Ben Eisenhardt בן אייזנהארט

No. 2 – Maccabi Rishon LeZion
- Position: Center / power forward
- League: Israeli Basketball Premier League

Personal information
- Born: December 3, 1990 (age 35) Bainbridge Island, Washington
- Listed height: 6 ft 10 in (2.08 m)
- Listed weight: 216 lb (98 kg)

Career information
- High school: Bainbridge (Bainbridge Island, Washington)
- College: Cal Poly (2010–2011); Whitman (2011–2014);
- NBA draft: 2014: undrafted
- Playing career: 2014–present

Career history
- 2014–2015: Elitzur Yavne
- 2015–2016: Maccabi Ashdod
- 2016–2023: Hapoel Be'er Sheva
- 2024–present: Maccabi Rishon Lezion

= Ben Eisenhardt =

American-Israeli basketball player

Benjamin Grant Eisenhardt (בן אייזנהארט; December 3, 1990) is an American-Israeli professional basketball player for Maccabi Rishon LeZion of the Israeli Basketball Premier League. He usually plays the center or power forward positions.

==Personal life==
Eisenhardt was born in Bainbridge Island, Washington, and is Jewish. He is 6' 10" tall (208 cm), and weighs 216 pounds (98 kg). He made aliyah, becoming an Israeli citizen.

==Basketball career==
Eisenhardt attended Bainbridge High School. He averaged 12 points per game and seven rebounds per game as a senior.

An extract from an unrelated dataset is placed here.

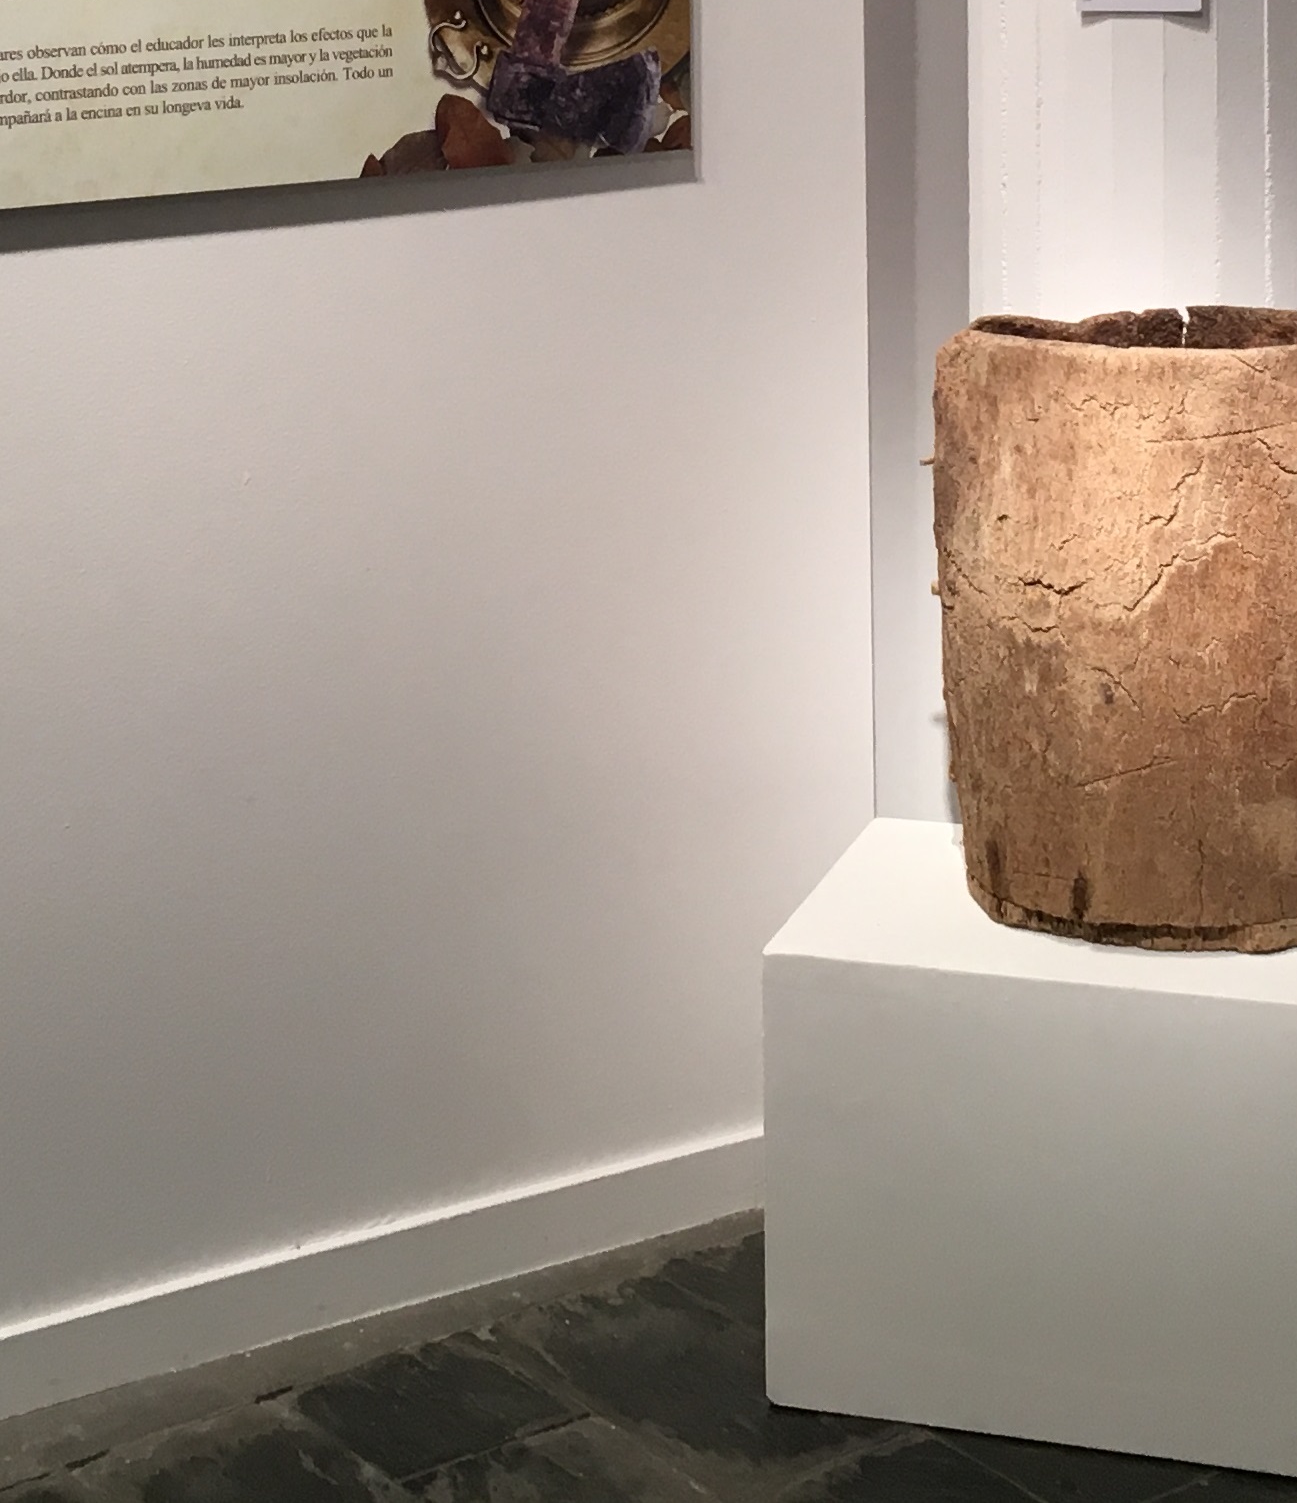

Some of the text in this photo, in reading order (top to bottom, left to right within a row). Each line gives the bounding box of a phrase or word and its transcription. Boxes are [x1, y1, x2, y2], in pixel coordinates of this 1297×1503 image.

As a freshman in 2010–11, Eisenhardt played basketball for California Polytechnic State University.

He attended Whitman College, playing for the Missionaries, and graduated in 2014. As a junior in 2012–13 Eisenhardt led the Northwest Conference (NWC) in scoring (442 points), was 4th in conference scoring average (16.4 ppg.) and field goal percentage (54.9%), and was 7th in rebounding (6.2 per game). He became the first Missionary to be named to the National Association of Basketball Coaches Division 3 All-American Third-Team as a junior, and was selected to the D3Hoops.com All-Region Team, and named NWC Player of the Year and First Team All-NWC. In his senior season, he missed a significant number of games with concussion symptoms.

Eisenhardt plays for Hapoel Be'er Sheva of the Israeli Basketball Premier League, at the power forward/center positions.